Personal details
- Born: September 16, 1972 (age 53) San Antonio, Texas, U.S.
- Party: Independent
- Other political affiliations: Democratic (until 2018)
- Education: St. Mary's University
- Occupation: Former Bexar County Criminal District Attorney, Attorney, Former Magistrate Judge

= Nico LaHood =

American attorney (born 1972)

Nicholas "Nico" Anthony LaHood (born September 16, 1972) is a former criminal district attorney of Bexar County, Texas.

==Early life and education==
LaHood was born on September 16, 1972, to Judge Michael Thomas LaHood Sr. and Norma Olivia (née Mendiola) in San Antonio, Texas.

While in his third year at San Antonio College in 1994, LaHood was arrested for attempting to sell ecstasy pills worth $3,600, with a firearm to an undercover police officer at a strip club. He entered into a plea bargain in August 1994 and was given deferred adjudication and probation.

LaHood graduated from St. Mary's University in 1999 and then law school in 2002.

==Career==
LaHood ran for district attorney in 2010, but narrowly lost to Susan Reed. Controversies that contributed to his loss included his age, past drug arrest, and firearm charges. After the election, LaHood had already decided to run again in 2014. In the 2014 Democratic primaries for the District Attorney race, LaHood faced off against Therese Huntzinger. LaHood narrowly beat his opponent: LaHood received 20,413 votes, just 47 more than Huntzinger's 20,366. In the 2014 election for District Attorney, LaHood defeated Susan Reed, the incumbent. LaHood was sworn in as the new DA on January 1, 2015.

Soon after taking office, LaHood was informed that Genene Jones, a San Antonio nurse convicted of murdering a baby girl in 1981, but suspected (and confessed) in many other murders, would be benefited by a 1977 Texas state law which gave her triple credit in her 1984 sentencing and that she would be freed in March 2018. LaHood ordered a task force to keep Jones in prison by bringing new charges against her, eventually indicting Jones with five counts of murder. In January 2020, Jones accepted a plea deal and pleaded guilty to one of those counts and was sentenced to life in prison. LaHood, who attended the hearing, called Jones "pure evil", and his job was praised by a Houston Victim Advocate organization.

In 2017, state district judge Lori Valenzuela testified that LaHood had threatened the careers of two defense attorneys if they brought up an affair between a prosecutor in his office and a key witness for the prosecution in a murder case. Judge Valenzuela, who presided over the case, testified under oath that she had witnessed the threats made in her chambers. LaHood also testified, denying that he had made a threat.

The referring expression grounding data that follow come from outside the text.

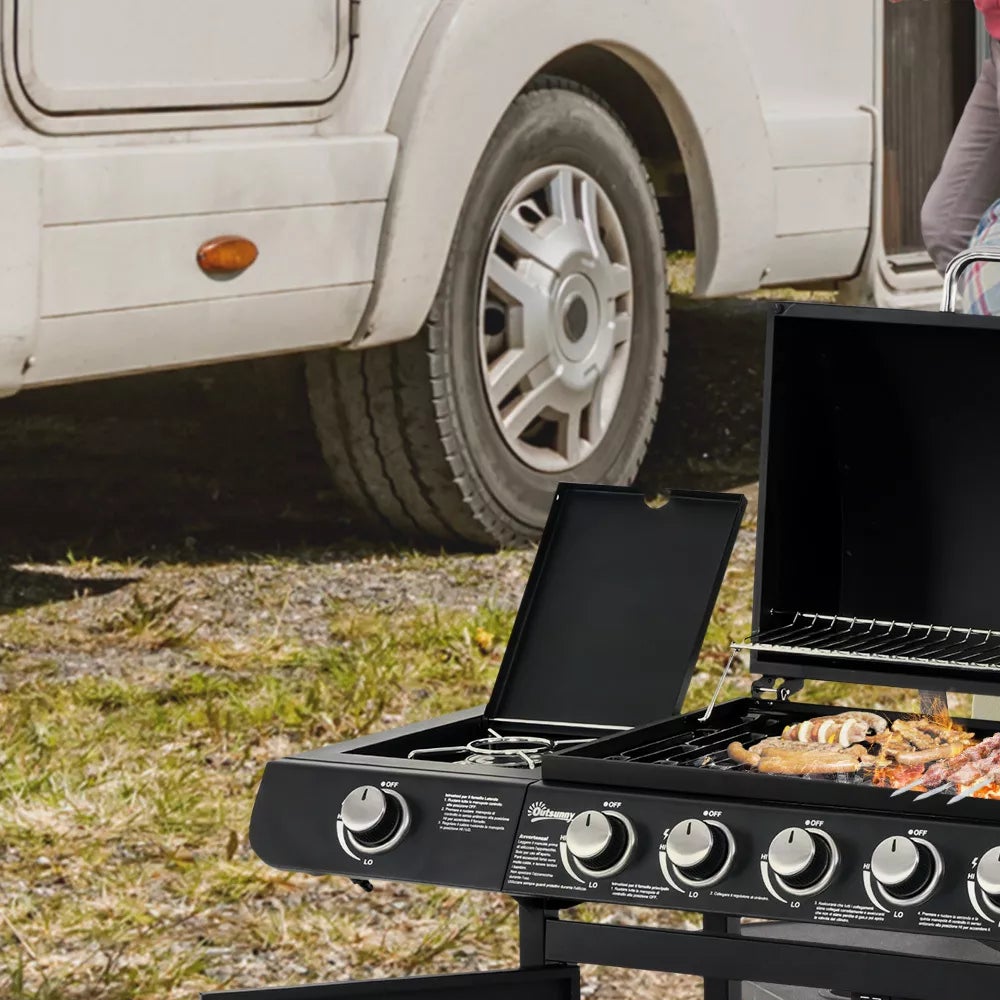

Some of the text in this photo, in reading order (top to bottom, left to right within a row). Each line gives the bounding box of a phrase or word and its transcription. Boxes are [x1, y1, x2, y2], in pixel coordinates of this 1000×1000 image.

[532, 807, 576, 823] Outsunny
[709, 810, 723, 818] OFF
[810, 819, 824, 827] OFF
[588, 881, 598, 889] LO
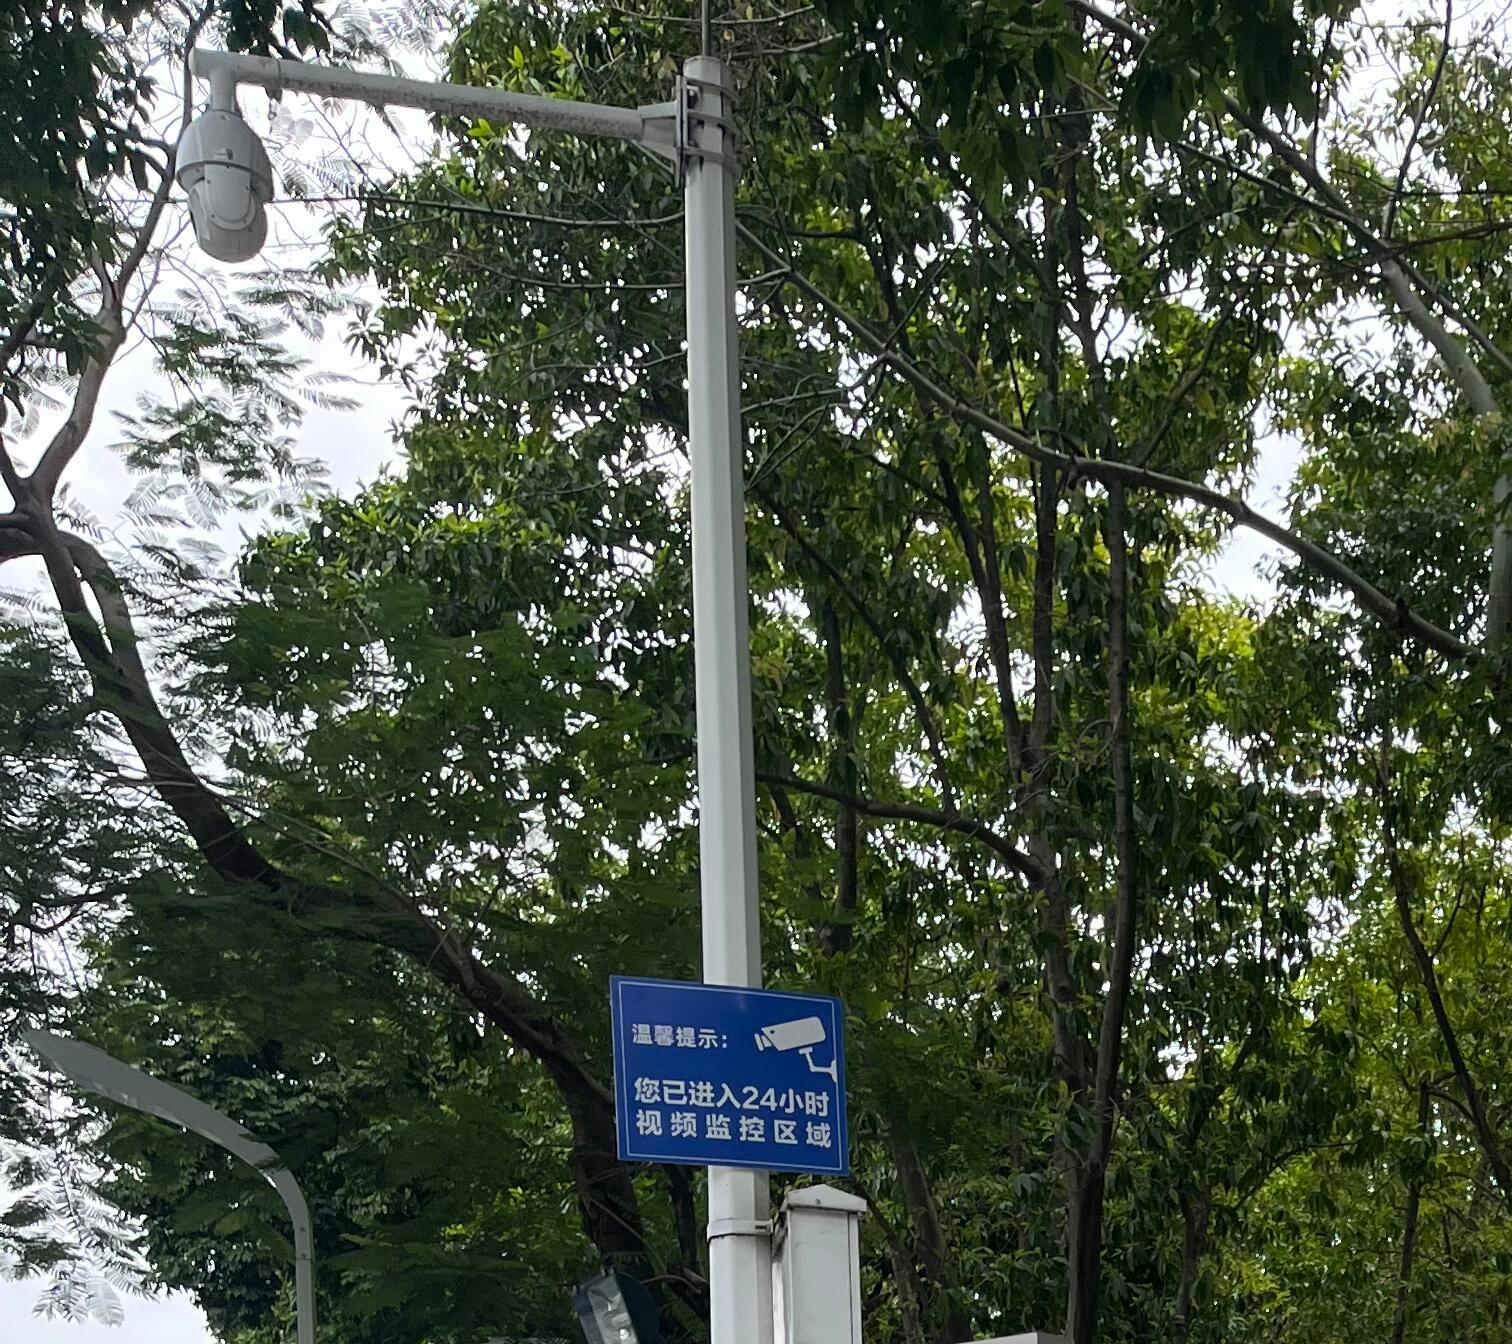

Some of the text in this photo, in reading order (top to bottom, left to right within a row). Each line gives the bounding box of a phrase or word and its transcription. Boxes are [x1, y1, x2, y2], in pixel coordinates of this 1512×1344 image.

[634, 1076, 830, 1117] 您已进入24小时
[636, 1109, 832, 1148] 视频监控区域
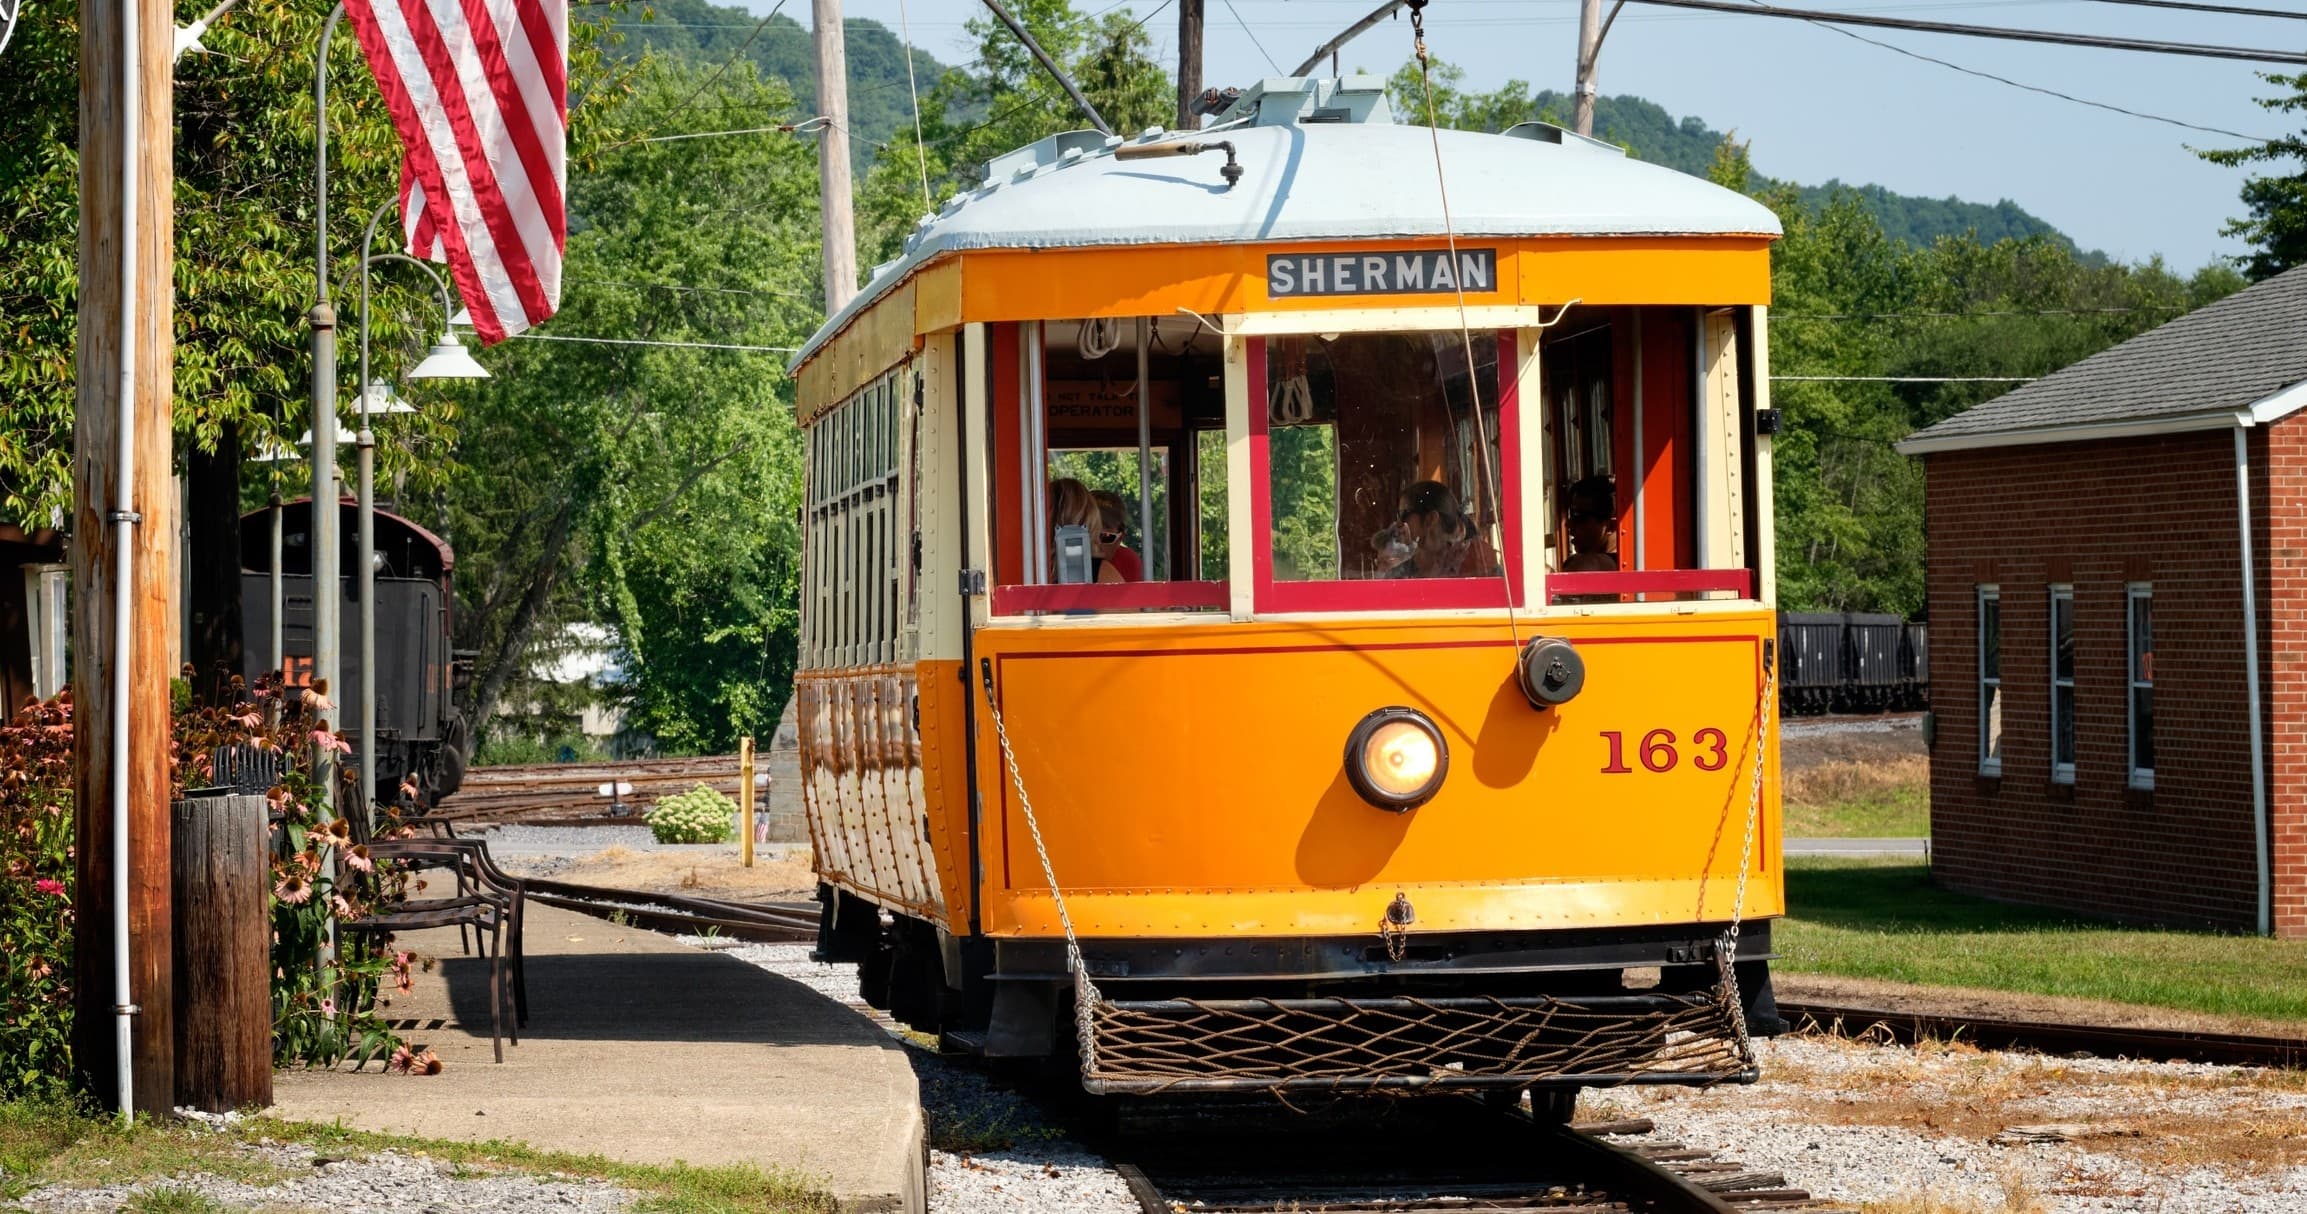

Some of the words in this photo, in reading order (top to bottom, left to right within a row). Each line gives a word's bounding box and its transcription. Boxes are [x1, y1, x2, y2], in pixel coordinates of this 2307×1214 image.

LaHood has promoted the unfounded conspiracy theory that vaccines are linked to autism. In a statement videotaped in his office for the anti-vaccine film Vaxxed, Lahood asserted that vaccines "can and do cause autism," LaHood repeated these claims in testimony to a Texas House committee. LaHood also stated that Islam is a "horrifically violent" religion.

On March 6, 2018, LaHood lost the Democratic primary for district attorney to Joe Gonzales by more than 18 percentage points.

In September 2018, LaHood announced he was leaving the Democratic party, saying "leftists have taken over".

==Personal life==
LaHood married Davida Gil on July 8, 2006. They have four children together.
On August 15, 1996, LaHood's brother Michael LaHood Jr. was murdered in the driveway of his parents' house after a failed robbery. The triggerman Mauriceo Mashawn Brown, along with three other men, was later caught and tried. Under the Texas law of parties, not only Mauriceo Mashawn Brown, but also the driver of the car that carried Brown, Kenneth Foster Jr., was tried for capital murder, and in May 1997 both were sentenced to death. In July 2006, Mauriceo Brown was executed for the crime by lethal injection. On August 31, 2007, Foster's death sentence was commuted by Governor Rick Perry.